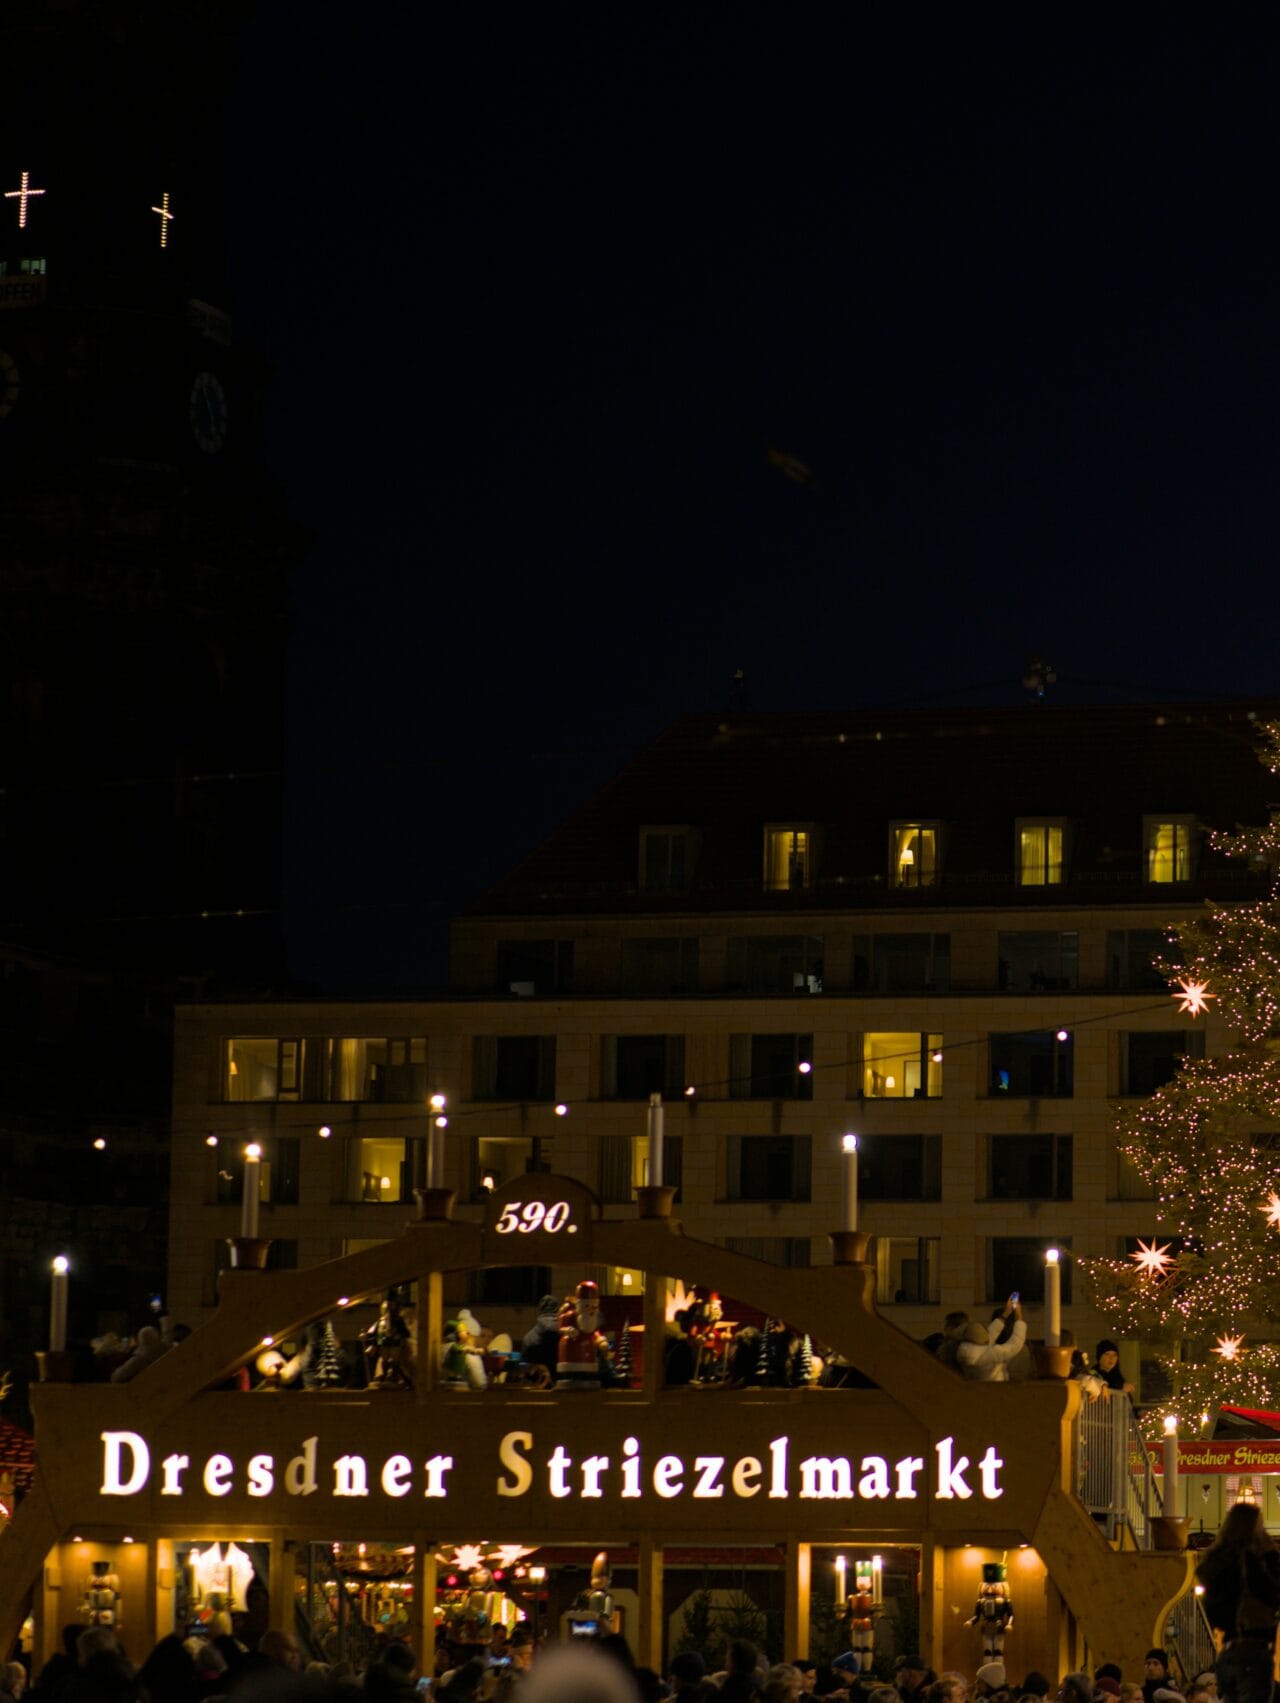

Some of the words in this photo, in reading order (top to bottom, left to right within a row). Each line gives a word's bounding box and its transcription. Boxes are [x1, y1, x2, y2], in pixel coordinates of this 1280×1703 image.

[494, 1201, 578, 1234] 590.
[100, 1431, 453, 1498] Dresdner
[496, 1430, 1004, 1500] Striezelmarkt
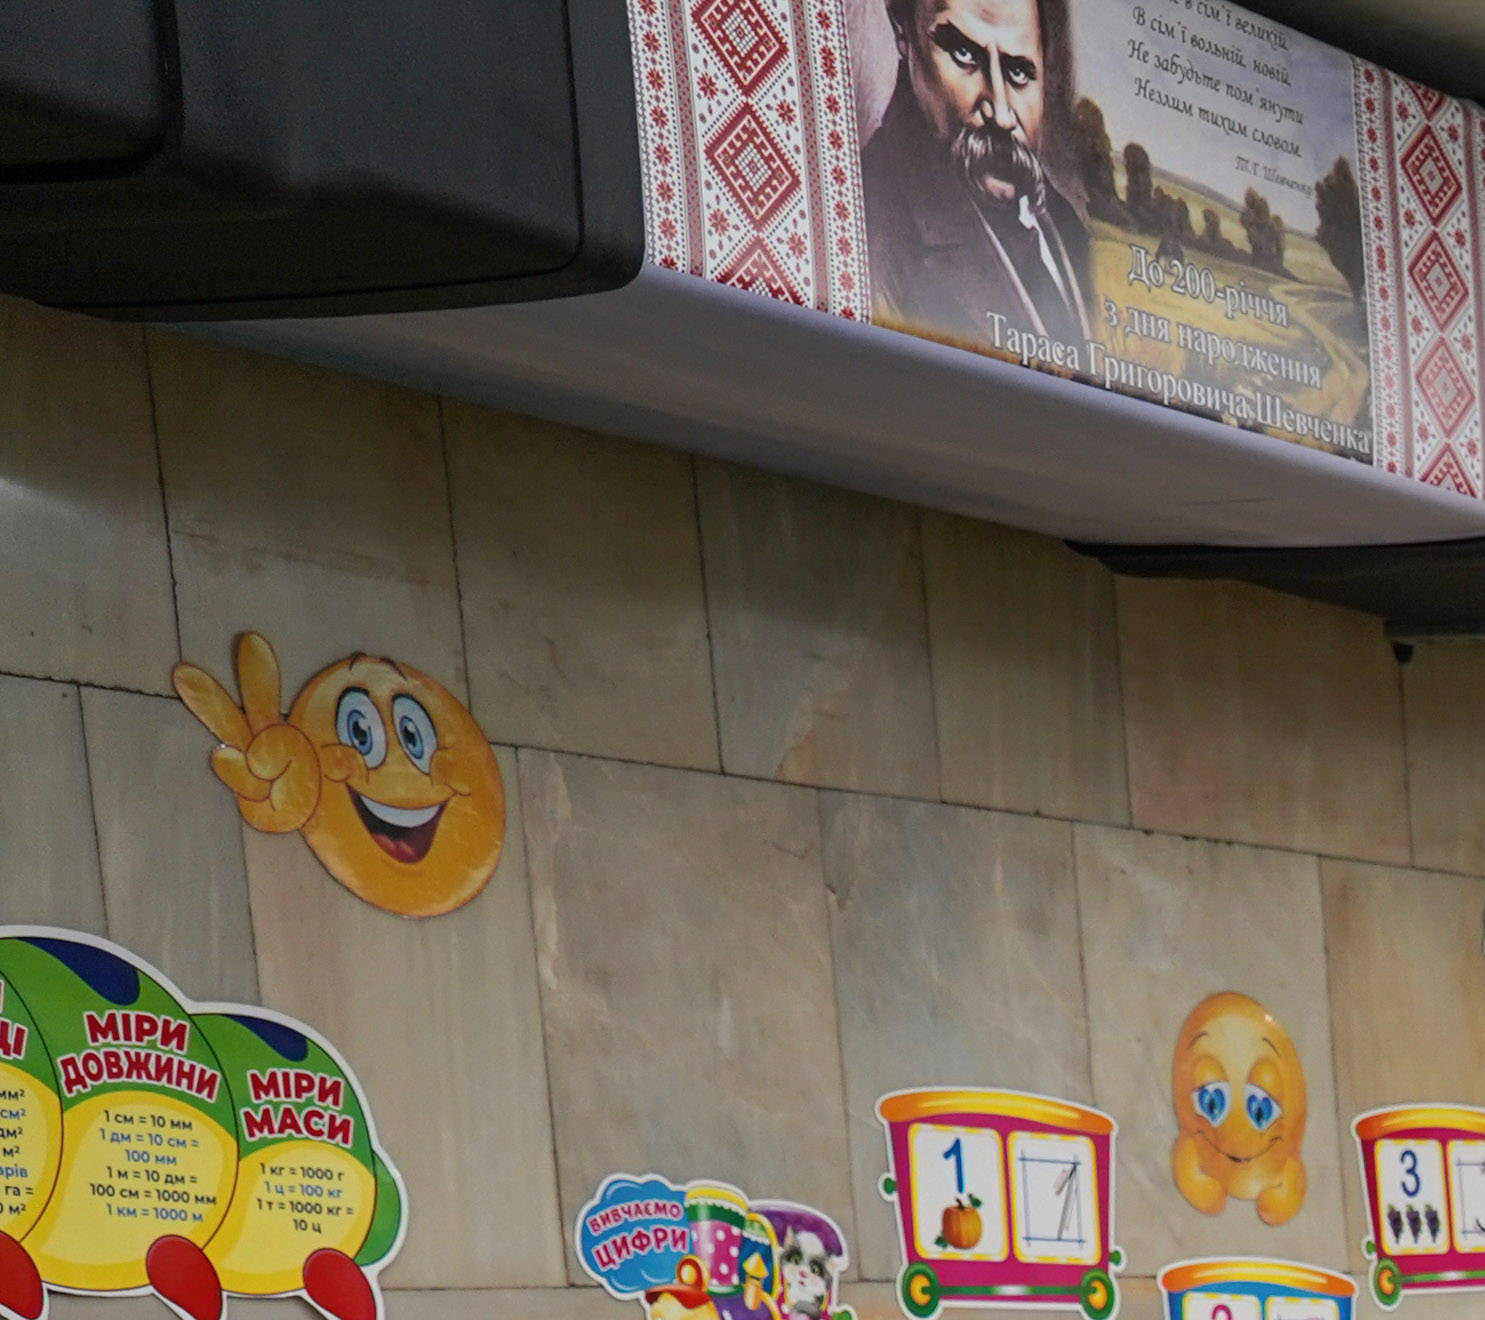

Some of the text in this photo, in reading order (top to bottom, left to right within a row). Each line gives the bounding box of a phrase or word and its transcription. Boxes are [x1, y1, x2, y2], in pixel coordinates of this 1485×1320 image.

[1132, 6, 1146, 26] В
[1128, 39, 1150, 63] Не
[1154, 53, 1221, 92] забудьте
[1134, 77, 1194, 118] Незлим
[1198, 107, 1248, 138] тихим
[1128, 244, 1290, 328] До 200-річчя
[1105, 300, 1322, 390] з дня народження
[986, 311, 1372, 455] Тараса Григоровича Шевченка
[86, 1012, 188, 1052] МІРИ
[60, 1050, 220, 1100] ДОВЖИНИ
[249, 1071, 343, 1106] МІРИ
[114, 1114, 134, 1124] см
[150, 1114, 166, 1128] 10
[170, 1119, 193, 1131] мм
[243, 1109, 352, 1145] МАСИ
[110, 1132, 131, 1144] дм
[148, 1133, 163, 1146] 10
[167, 1138, 187, 1149] см
[124, 1150, 177, 1166] 100 мм
[270, 1168, 285, 1179] кг
[301, 1167, 333, 1181] 1000
[943, 1138, 964, 1196] 1
[1401, 1150, 1421, 1198] 3
[90, 1183, 115, 1197] 100
[120, 1188, 139, 1199] см
[155, 1190, 190, 1204] 1000
[194, 1194, 216, 1205] мм
[118, 1169, 128, 1180] м
[145, 1169, 160, 1183] 10
[165, 1174, 185, 1186] дм
[275, 1184, 285, 1196] ц
[299, 1184, 324, 1197] 100
[329, 1188, 343, 1199] кг
[117, 1206, 137, 1218] км
[154, 1208, 189, 1222] 1000
[192, 1212, 204, 1222] м
[291, 1200, 322, 1215] 1000
[327, 1205, 342, 1217] кг
[588, 1202, 682, 1234] ВИВЧАЄМО
[292, 1219, 322, 1235] 10 ц
[593, 1228, 688, 1269] ЦИФРИ
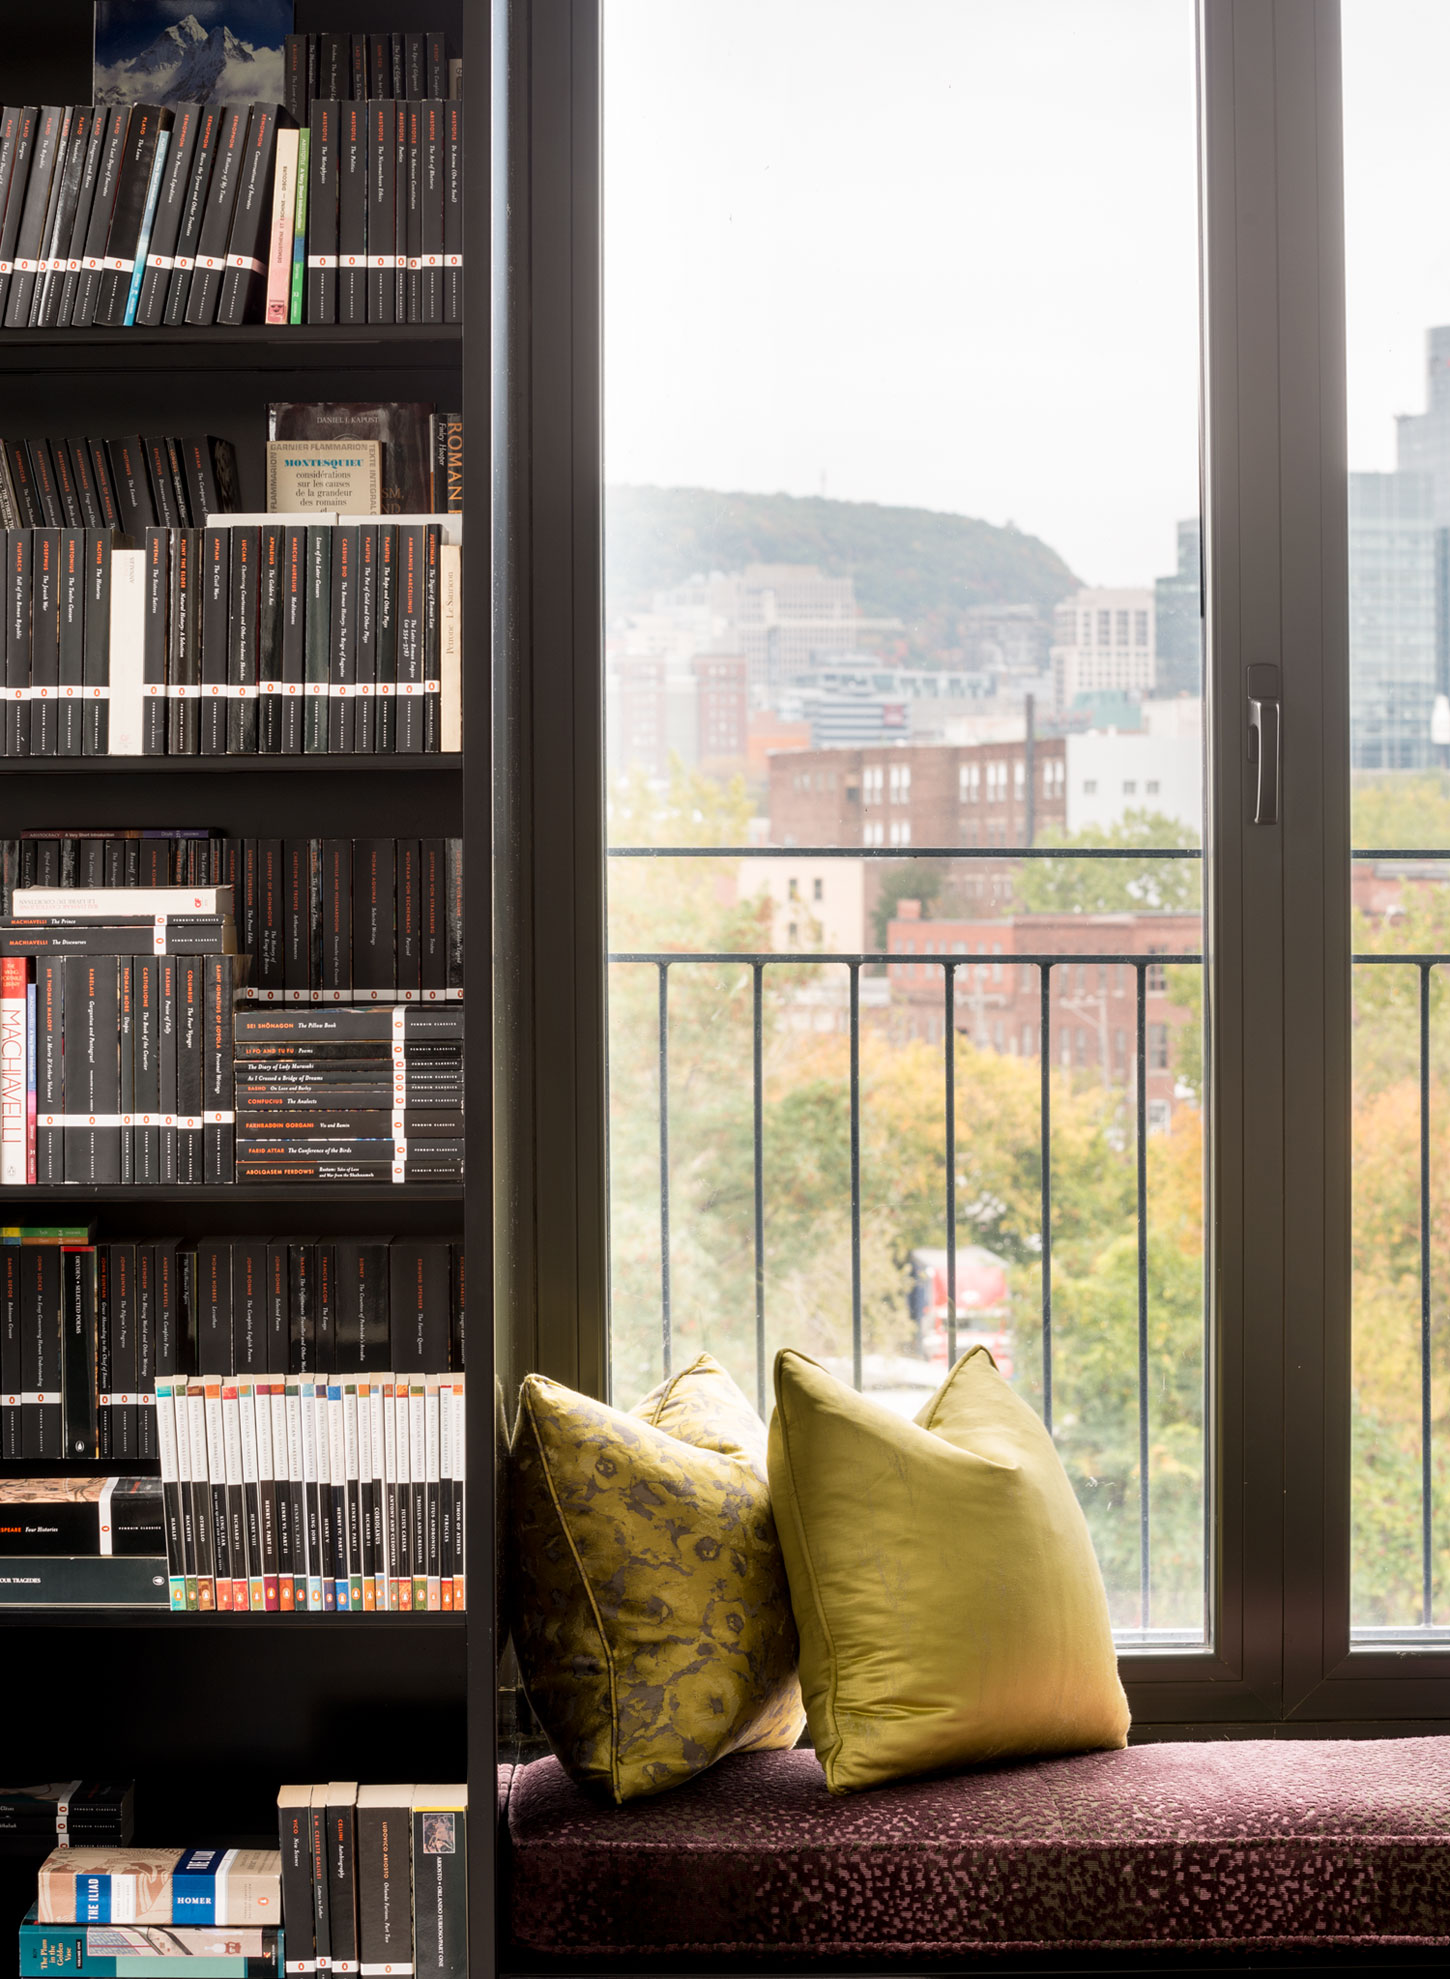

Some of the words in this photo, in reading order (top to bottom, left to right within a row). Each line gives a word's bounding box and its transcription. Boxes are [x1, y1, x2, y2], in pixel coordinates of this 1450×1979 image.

[94, 116, 102, 135] PLATO
[140, 116, 148, 135] PLATO
[179, 114, 190, 147] XENOPHON
[256, 113, 267, 147] XENOPHON
[173, 160, 182, 178] Persian
[250, 150, 261, 183] Conversations
[168, 178, 179, 203] Expedition
[246, 190, 254, 210] Socrates
[438, 422, 447, 442] Finley
[270, 443, 309, 451] GARNIER
[310, 443, 368, 451] FLAMMARION
[439, 443, 447, 466] Hooper
[284, 459, 364, 469] MONTESQUIEU
[448, 422, 462, 501] ROMAN
[270, 452, 278, 510] FLAMMARION
[296, 471, 351, 479] considérations
[296, 489, 306, 497] de
[307, 489, 315, 497] la
[317, 489, 352, 499] grandeur
[300, 498, 314, 506] des
[316, 498, 347, 506] romains
[41, 584, 49, 601] Jewish
[163, 1022, 171, 1034] Folly
[185, 1029, 193, 1048] Voyages
[2, 1009, 22, 1143] MACHIAVELLI
[297, 1147, 324, 1155] Conference
[456, 1522, 461, 1531] OF
[337, 1844, 345, 1878] Autobiography
[87, 1878, 99, 1901] ILIAD
[176, 1896, 212, 1905] HOMER
[87, 1903, 99, 1920] THE
[383, 1922, 391, 1933] Part
[40, 1938, 48, 1956] Plum
[48, 1944, 56, 1956] the
[56, 1942, 64, 1966] Golden
[64, 1946, 72, 1962] Vase
[40, 1956, 48, 1969] The

## What the exercise asks
A verbatim copy of the data, pictures removed, is the expected result.

## Response
Some of the words in this photo, in reading order (top to bottom, left to right within a row). Each line gives a word's bounding box and its transcription. Boxes are [x1, y1, x2, y2], in pixel coordinates of this 1280×1703 image.

[494, 1201, 578, 1234] 590.
[100, 1431, 453, 1498] Dresdner
[496, 1430, 1004, 1500] Striezelmarkt

Some of the text in this photo, in reading order (top to bottom, left to right within a row). Each line gives the bounding box of a phrase or word and its transcription. Boxes are [x1, y1, x2, y2], in pixel coordinates of this 1485×1320 image.

[1132, 6, 1146, 26] В
[1128, 39, 1150, 63] Не
[1154, 53, 1221, 92] забудьте
[1134, 77, 1194, 118] Незлим
[1198, 107, 1248, 138] тихим
[1128, 244, 1290, 328] До 200-річчя
[1105, 300, 1322, 390] з дня народження
[986, 311, 1372, 455] Тараса Григоровича Шевченка
[86, 1012, 188, 1052] МІРИ
[60, 1050, 220, 1100] ДОВЖИНИ
[249, 1071, 343, 1106] МІРИ
[114, 1114, 134, 1124] см
[150, 1114, 166, 1128] 10
[170, 1119, 193, 1131] мм
[243, 1109, 352, 1145] МАСИ
[110, 1132, 131, 1144] дм
[148, 1133, 163, 1146] 10
[167, 1138, 187, 1149] см
[124, 1150, 177, 1166] 100 мм
[270, 1168, 285, 1179] кг
[301, 1167, 333, 1181] 1000
[943, 1138, 964, 1196] 1
[1401, 1150, 1421, 1198] 3
[90, 1183, 115, 1197] 100
[120, 1188, 139, 1199] см
[155, 1190, 190, 1204] 1000
[194, 1194, 216, 1205] мм
[118, 1169, 128, 1180] м
[145, 1169, 160, 1183] 10
[165, 1174, 185, 1186] дм
[275, 1184, 285, 1196] ц
[299, 1184, 324, 1197] 100
[329, 1188, 343, 1199] кг
[117, 1206, 137, 1218] км
[154, 1208, 189, 1222] 1000
[192, 1212, 204, 1222] м
[291, 1200, 322, 1215] 1000
[327, 1205, 342, 1217] кг
[588, 1202, 682, 1234] ВИВЧАЄМО
[292, 1219, 322, 1235] 10 ц
[593, 1228, 688, 1269] ЦИФРИ

Some of the words in this photo, in reading order (top to bottom, left to right within a row). Each line gives a word's bounding box and its transcription. Boxes are [x1, y1, x2, y2], in pixel coordinates of this 1450×1979 image.

[94, 116, 102, 135] PLATO
[140, 116, 148, 135] PLATO
[179, 114, 190, 147] XENOPHON
[256, 113, 267, 147] XENOPHON
[173, 160, 182, 178] Persian
[250, 150, 261, 183] Conversations
[168, 178, 179, 203] Expedition
[246, 190, 254, 210] Socrates
[438, 422, 447, 442] Finley
[270, 443, 309, 451] GARNIER
[310, 443, 368, 451] FLAMMARION
[439, 443, 447, 466] Hooper
[284, 459, 364, 469] MONTESQUIEU
[448, 422, 462, 501] ROMAN
[270, 452, 278, 510] FLAMMARION
[296, 471, 351, 479] considérations
[296, 489, 306, 497] de
[307, 489, 315, 497] la
[317, 489, 352, 499] grandeur
[300, 498, 314, 506] des
[316, 498, 347, 506] romains
[41, 584, 49, 601] Jewish
[163, 1022, 171, 1034] Folly
[185, 1029, 193, 1048] Voyages
[2, 1009, 22, 1143] MACHIAVELLI
[297, 1147, 324, 1155] Conference
[456, 1522, 461, 1531] OF
[337, 1844, 345, 1878] Autobiography
[87, 1878, 99, 1901] ILIAD
[176, 1896, 212, 1905] HOMER
[87, 1903, 99, 1920] THE
[383, 1922, 391, 1933] Part
[40, 1938, 48, 1956] Plum
[48, 1944, 56, 1956] the
[56, 1942, 64, 1966] Golden
[64, 1946, 72, 1962] Vase
[40, 1956, 48, 1969] The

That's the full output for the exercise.